As the article notes, the immediate move is contractual hygiene rather than a binding, nationwide framework. That hygiene reduces some risk but does not eliminate it; it instead redistributes it toward legal fees, insurance negotiations, and cross-border data and IP disputes.
In the long run, the value of the contract becomes a moving target as the definition of agentic AI, the threshold for liability, and the scope of responsibility evolve. For executives, the takeaway is not to fear governance but to recognize that governance is a living tool that must be continuously realigned with regulatory flux and courtroom interpretation.

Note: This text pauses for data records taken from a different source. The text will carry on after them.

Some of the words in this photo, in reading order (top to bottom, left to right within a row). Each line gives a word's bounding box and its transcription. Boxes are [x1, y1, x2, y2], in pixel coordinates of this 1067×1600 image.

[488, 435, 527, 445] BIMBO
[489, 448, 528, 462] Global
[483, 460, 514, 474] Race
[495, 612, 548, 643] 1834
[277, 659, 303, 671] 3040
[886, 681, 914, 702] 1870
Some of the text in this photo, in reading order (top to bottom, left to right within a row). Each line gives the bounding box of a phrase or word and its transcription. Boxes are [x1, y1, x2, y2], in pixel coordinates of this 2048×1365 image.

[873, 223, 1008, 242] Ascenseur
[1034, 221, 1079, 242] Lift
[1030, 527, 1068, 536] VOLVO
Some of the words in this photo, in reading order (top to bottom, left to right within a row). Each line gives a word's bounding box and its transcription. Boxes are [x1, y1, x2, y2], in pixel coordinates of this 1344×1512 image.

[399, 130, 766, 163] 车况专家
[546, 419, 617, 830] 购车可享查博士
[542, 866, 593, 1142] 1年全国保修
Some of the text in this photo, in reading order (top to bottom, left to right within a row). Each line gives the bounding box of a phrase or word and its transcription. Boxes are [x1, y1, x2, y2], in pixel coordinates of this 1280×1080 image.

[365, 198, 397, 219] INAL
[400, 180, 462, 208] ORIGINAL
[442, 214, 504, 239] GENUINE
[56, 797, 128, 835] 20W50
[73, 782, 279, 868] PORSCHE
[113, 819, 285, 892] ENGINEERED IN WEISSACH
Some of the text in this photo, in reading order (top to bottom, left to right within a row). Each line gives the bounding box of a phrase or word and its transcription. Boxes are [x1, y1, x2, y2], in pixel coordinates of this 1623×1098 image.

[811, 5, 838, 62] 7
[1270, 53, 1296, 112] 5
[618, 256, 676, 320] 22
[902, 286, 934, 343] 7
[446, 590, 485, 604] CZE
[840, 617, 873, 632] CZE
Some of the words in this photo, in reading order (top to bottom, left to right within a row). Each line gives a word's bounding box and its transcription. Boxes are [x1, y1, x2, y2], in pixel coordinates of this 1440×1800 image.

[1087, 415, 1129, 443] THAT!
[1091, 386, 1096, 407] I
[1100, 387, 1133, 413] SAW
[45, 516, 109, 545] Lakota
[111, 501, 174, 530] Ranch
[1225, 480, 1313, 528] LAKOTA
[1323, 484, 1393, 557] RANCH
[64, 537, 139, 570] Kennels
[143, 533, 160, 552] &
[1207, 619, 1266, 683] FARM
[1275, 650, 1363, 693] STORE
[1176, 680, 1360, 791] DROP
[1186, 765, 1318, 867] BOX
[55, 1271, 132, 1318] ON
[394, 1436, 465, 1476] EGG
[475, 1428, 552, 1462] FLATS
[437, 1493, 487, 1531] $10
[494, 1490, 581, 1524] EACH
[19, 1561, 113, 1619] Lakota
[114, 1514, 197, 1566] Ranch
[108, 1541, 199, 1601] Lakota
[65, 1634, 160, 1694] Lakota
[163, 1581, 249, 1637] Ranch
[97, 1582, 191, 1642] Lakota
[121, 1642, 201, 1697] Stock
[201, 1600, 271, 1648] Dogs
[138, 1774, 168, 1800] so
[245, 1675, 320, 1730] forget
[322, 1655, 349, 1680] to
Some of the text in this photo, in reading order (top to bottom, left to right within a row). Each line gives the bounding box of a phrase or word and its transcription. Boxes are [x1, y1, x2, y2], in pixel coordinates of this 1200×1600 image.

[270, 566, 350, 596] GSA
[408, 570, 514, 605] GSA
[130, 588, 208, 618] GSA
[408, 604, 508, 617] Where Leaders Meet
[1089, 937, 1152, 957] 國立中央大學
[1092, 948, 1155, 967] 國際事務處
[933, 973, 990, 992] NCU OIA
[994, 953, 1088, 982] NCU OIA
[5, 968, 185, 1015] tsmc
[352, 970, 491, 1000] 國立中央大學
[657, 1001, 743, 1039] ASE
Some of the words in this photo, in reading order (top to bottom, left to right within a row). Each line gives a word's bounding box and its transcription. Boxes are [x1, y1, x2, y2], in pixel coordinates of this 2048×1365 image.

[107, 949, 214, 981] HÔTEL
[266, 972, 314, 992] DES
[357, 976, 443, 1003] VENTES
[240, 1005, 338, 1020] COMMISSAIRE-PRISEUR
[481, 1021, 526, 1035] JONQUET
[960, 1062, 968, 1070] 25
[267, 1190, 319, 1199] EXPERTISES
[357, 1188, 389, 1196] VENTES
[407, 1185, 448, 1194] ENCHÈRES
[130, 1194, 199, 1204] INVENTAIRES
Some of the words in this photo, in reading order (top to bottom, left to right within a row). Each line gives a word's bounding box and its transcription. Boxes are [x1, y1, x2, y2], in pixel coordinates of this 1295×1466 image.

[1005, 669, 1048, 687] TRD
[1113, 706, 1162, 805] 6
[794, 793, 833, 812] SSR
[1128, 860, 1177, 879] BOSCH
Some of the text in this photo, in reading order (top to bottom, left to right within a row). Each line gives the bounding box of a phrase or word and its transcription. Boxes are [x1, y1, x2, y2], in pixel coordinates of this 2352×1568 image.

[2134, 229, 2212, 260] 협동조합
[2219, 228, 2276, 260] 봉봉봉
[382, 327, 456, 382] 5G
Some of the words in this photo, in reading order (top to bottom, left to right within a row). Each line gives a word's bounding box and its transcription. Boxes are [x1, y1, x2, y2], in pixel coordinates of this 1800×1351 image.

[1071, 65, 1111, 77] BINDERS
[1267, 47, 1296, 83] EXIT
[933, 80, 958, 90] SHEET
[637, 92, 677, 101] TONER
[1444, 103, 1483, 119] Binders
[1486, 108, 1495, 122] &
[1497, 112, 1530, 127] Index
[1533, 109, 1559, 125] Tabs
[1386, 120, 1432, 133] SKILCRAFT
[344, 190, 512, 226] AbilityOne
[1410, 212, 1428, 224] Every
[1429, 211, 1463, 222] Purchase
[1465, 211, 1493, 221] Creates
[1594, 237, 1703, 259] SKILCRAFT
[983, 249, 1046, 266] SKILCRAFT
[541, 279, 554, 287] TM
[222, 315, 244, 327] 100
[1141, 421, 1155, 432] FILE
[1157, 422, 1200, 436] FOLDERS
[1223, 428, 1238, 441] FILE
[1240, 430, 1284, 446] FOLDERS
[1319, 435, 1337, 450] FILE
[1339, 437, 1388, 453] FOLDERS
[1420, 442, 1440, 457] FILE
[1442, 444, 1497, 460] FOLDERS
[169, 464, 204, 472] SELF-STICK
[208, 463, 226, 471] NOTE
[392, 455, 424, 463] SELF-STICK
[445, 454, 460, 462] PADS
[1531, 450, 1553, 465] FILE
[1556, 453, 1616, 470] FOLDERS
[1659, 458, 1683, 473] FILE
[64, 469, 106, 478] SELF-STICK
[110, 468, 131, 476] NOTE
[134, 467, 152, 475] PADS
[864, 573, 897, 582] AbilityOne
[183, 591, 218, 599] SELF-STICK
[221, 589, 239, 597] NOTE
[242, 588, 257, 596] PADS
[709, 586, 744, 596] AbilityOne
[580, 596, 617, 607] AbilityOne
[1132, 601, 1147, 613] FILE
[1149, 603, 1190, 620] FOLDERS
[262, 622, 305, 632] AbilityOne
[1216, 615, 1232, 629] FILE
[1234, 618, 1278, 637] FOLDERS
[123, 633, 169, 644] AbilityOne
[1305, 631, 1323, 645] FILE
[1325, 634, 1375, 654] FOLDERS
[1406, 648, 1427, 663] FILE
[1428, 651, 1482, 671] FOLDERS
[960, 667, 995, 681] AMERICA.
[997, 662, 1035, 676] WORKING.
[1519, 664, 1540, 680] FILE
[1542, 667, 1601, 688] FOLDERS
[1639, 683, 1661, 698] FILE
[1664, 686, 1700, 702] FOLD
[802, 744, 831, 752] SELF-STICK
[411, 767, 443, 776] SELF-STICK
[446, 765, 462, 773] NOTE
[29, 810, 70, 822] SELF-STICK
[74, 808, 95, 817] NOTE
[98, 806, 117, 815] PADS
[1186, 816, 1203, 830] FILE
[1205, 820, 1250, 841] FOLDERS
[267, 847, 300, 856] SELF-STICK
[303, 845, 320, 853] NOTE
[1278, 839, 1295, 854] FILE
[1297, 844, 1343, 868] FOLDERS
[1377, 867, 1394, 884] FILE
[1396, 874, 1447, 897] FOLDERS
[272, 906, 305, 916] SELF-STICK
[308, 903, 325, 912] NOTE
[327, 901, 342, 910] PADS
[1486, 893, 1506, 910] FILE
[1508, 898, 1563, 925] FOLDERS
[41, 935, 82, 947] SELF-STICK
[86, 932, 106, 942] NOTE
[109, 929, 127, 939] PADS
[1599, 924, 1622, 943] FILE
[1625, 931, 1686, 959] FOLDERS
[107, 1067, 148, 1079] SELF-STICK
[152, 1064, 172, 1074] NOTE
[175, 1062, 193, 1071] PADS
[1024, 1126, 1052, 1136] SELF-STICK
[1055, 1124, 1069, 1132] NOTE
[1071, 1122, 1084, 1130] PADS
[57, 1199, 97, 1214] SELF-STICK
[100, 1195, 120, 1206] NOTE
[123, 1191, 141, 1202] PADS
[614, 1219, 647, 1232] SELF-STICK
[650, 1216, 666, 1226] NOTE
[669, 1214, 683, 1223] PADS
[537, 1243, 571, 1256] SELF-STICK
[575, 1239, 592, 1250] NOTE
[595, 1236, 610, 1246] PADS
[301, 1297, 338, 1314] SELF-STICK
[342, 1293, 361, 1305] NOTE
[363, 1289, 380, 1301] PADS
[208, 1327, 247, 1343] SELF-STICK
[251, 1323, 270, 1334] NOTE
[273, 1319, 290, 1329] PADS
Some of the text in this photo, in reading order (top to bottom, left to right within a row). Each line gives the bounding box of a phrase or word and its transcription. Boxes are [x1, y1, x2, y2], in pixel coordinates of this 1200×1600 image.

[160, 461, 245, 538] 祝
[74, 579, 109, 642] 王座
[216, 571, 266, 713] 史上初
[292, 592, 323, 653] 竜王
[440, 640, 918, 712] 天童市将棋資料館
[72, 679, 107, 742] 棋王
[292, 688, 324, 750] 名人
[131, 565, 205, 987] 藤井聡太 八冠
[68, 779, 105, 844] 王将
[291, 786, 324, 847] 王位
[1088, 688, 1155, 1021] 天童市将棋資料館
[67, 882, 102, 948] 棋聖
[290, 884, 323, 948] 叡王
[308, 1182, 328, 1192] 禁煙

Watchlist: signals that could widen the gap Executives should monitor a handful of signals over the next six to twelve months to test whether the mispricing thesis holds. First, any formal regulatory guidance in India that clarifies agentic AI liability definitions and enforcement would begin to compress the risk space and align contract terms with expected precedents. Second, the emergence of standardized liability insurance products for agentic AI would provide actuarial data to calibrate risk pricing and define coverage gaps. Third, court decisions on early autonomy-related disputes would establish precedents affecting how liability allocations are interpreted in practical disputes and could force rapid re-pricing of risk. If any of these occur, the premise that risk is mispriced based on anticipated clarity would weaken.
The article does not provide a compensation strategy for when those signals fail to materialize, leaving corporate risk offices with a dilemma: delay AI pilots to wait for clarity, or deploy with contractual guardrails that might prove insufficient in future enforcement contexts. Boards will need to consider multiple scenarios, including what happens if liability allocations are unsettled or if insurers reduce coverage for agentic AI risks.
The ET report thus presents a precautionary tale: the push for legal safeguards is prudent, but it may overestimate how quickly regulatory certainty will translate into practical risk reductions.